Transcribe the entries exactly as each line appears.

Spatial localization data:
=-=-=-=-=
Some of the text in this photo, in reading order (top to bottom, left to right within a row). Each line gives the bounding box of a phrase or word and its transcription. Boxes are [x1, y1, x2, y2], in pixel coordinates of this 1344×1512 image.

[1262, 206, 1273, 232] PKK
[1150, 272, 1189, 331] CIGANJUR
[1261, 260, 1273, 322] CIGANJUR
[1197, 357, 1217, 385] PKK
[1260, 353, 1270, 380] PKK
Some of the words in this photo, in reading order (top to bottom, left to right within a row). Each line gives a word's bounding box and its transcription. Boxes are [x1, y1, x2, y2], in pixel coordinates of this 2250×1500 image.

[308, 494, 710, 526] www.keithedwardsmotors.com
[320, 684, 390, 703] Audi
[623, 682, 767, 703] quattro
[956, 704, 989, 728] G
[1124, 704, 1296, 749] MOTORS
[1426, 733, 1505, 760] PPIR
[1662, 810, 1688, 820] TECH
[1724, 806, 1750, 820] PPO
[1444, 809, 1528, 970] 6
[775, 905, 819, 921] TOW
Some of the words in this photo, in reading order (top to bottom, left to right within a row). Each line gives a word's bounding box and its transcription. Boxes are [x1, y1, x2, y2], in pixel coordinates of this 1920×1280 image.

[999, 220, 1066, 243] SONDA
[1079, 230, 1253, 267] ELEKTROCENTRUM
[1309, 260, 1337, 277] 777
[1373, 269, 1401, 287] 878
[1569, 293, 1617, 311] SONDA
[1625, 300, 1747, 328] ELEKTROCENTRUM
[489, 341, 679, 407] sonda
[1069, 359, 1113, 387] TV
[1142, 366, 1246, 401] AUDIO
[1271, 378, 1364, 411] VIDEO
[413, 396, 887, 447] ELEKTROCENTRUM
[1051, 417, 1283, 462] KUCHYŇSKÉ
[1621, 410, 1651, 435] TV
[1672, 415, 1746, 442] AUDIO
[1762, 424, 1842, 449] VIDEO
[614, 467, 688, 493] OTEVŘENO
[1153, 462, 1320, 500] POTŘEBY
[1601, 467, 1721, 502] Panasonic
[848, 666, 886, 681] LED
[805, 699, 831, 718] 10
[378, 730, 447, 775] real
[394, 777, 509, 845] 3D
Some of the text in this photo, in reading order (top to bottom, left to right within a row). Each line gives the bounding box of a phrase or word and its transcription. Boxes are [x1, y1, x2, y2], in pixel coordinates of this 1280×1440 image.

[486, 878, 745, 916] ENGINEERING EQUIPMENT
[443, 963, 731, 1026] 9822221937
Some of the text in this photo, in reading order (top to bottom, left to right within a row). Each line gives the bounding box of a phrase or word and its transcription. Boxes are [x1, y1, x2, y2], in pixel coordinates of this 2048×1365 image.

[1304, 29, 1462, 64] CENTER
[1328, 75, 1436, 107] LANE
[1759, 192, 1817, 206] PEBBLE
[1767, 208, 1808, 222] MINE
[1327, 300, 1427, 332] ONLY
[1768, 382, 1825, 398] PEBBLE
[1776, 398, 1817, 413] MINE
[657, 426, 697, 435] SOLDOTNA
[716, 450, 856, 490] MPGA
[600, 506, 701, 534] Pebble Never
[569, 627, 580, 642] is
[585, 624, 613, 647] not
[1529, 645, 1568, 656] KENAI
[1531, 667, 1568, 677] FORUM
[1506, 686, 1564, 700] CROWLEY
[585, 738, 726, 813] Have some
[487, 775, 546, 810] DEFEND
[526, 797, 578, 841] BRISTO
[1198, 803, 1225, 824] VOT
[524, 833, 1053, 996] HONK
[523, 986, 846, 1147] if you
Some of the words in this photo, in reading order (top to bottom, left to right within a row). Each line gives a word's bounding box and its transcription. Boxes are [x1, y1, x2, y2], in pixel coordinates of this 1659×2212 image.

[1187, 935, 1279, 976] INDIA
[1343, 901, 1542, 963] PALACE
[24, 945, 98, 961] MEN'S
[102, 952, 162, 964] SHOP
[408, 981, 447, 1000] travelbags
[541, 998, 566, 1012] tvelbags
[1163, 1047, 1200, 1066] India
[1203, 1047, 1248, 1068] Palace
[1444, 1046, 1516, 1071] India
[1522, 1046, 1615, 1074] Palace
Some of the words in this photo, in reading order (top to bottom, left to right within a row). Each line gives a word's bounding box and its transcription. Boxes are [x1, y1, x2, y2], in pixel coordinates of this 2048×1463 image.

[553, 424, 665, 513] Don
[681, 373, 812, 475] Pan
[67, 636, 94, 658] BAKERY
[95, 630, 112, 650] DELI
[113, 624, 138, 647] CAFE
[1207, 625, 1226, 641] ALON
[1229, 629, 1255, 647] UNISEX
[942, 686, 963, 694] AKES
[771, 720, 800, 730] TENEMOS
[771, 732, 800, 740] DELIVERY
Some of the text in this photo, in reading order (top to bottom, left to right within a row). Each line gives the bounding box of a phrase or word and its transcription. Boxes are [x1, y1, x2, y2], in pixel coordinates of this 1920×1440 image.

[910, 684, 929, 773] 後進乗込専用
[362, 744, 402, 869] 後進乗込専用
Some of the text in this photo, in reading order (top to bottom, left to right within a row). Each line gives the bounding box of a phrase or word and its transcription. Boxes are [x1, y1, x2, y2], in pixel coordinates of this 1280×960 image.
=-=-=-=-=
Exercise answer:
Some of the text in this photo, in reading order (top to bottom, left to right within a row). Each line gives the bounding box of a phrase or word and its transcription. Boxes are [x1, y1, x2, y2], in pixel coordinates of this 1344×1512 image.

[1262, 206, 1273, 232] PKK
[1150, 272, 1189, 331] CIGANJUR
[1261, 260, 1273, 322] CIGANJUR
[1197, 357, 1217, 385] PKK
[1260, 353, 1270, 380] PKK
Some of the words in this photo, in reading order (top to bottom, left to right within a row). Each line gives a word's bounding box and its transcription. Boxes are [x1, y1, x2, y2], in pixel coordinates of this 2250×1500 image.

[308, 494, 710, 526] www.keithedwardsmotors.com
[320, 684, 390, 703] Audi
[623, 682, 767, 703] quattro
[956, 704, 989, 728] G
[1124, 704, 1296, 749] MOTORS
[1426, 733, 1505, 760] PPIR
[1662, 810, 1688, 820] TECH
[1724, 806, 1750, 820] PPO
[1444, 809, 1528, 970] 6
[775, 905, 819, 921] TOW
Some of the words in this photo, in reading order (top to bottom, left to right within a row). Each line gives a word's bounding box and its transcription. Boxes are [x1, y1, x2, y2], in pixel coordinates of this 1920×1280 image.

[999, 220, 1066, 243] SONDA
[1079, 230, 1253, 267] ELEKTROCENTRUM
[1309, 260, 1337, 277] 777
[1373, 269, 1401, 287] 878
[1569, 293, 1617, 311] SONDA
[1625, 300, 1747, 328] ELEKTROCENTRUM
[489, 341, 679, 407] sonda
[1069, 359, 1113, 387] TV
[1142, 366, 1246, 401] AUDIO
[1271, 378, 1364, 411] VIDEO
[413, 396, 887, 447] ELEKTROCENTRUM
[1051, 417, 1283, 462] KUCHYŇSKÉ
[1621, 410, 1651, 435] TV
[1672, 415, 1746, 442] AUDIO
[1762, 424, 1842, 449] VIDEO
[614, 467, 688, 493] OTEVŘENO
[1153, 462, 1320, 500] POTŘEBY
[1601, 467, 1721, 502] Panasonic
[848, 666, 886, 681] LED
[805, 699, 831, 718] 10
[378, 730, 447, 775] real
[394, 777, 509, 845] 3D
Some of the text in this photo, in reading order (top to bottom, left to right within a row). Each line gives the bounding box of a phrase or word and its transcription. Boxes are [x1, y1, x2, y2], in pixel coordinates of this 1280×1440 image.

[486, 878, 745, 916] ENGINEERING EQUIPMENT
[443, 963, 731, 1026] 9822221937
Some of the text in this photo, in reading order (top to bottom, left to right within a row). Each line gives the bounding box of a phrase or word and its transcription. Boxes are [x1, y1, x2, y2], in pixel coordinates of this 2048×1365 image.

[1304, 29, 1462, 64] CENTER
[1328, 75, 1436, 107] LANE
[1759, 192, 1817, 206] PEBBLE
[1767, 208, 1808, 222] MINE
[1327, 300, 1427, 332] ONLY
[1768, 382, 1825, 398] PEBBLE
[1776, 398, 1817, 413] MINE
[657, 426, 697, 435] SOLDOTNA
[716, 450, 856, 490] MPGA
[600, 506, 701, 534] Pebble Never
[569, 627, 580, 642] is
[585, 624, 613, 647] not
[1529, 645, 1568, 656] KENAI
[1531, 667, 1568, 677] FORUM
[1506, 686, 1564, 700] CROWLEY
[585, 738, 726, 813] Have some
[487, 775, 546, 810] DEFEND
[526, 797, 578, 841] BRISTO
[1198, 803, 1225, 824] VOT
[524, 833, 1053, 996] HONK
[523, 986, 846, 1147] if you
Some of the words in this photo, in reading order (top to bottom, left to right within a row). Each line gives a word's bounding box and its transcription. Boxes are [x1, y1, x2, y2], in pixel coordinates of this 1659×2212 image.

[1187, 935, 1279, 976] INDIA
[1343, 901, 1542, 963] PALACE
[24, 945, 98, 961] MEN'S
[102, 952, 162, 964] SHOP
[408, 981, 447, 1000] travelbags
[541, 998, 566, 1012] tvelbags
[1163, 1047, 1200, 1066] India
[1203, 1047, 1248, 1068] Palace
[1444, 1046, 1516, 1071] India
[1522, 1046, 1615, 1074] Palace
Some of the words in this photo, in reading order (top to bottom, left to right within a row). Each line gives a word's bounding box and its transcription. Boxes are [x1, y1, x2, y2], in pixel coordinates of this 2048×1463 image.

[553, 424, 665, 513] Don
[681, 373, 812, 475] Pan
[67, 636, 94, 658] BAKERY
[95, 630, 112, 650] DELI
[113, 624, 138, 647] CAFE
[1207, 625, 1226, 641] ALON
[1229, 629, 1255, 647] UNISEX
[942, 686, 963, 694] AKES
[771, 720, 800, 730] TENEMOS
[771, 732, 800, 740] DELIVERY
Some of the text in this photo, in reading order (top to bottom, left to right within a row). Each line gives the bounding box of a phrase or word and its transcription. Boxes are [x1, y1, x2, y2], in pixel coordinates of this 1920×1440 image.

[910, 684, 929, 773] 後進乗込専用
[362, 744, 402, 869] 後進乗込専用
Some of the text in this photo, in reading order (top to bottom, left to right within a row). Each line gives the bounding box of a phrase or word and its transcription. Boxes are [x1, y1, x2, y2], in pixel coordinates of this 1280×960 image.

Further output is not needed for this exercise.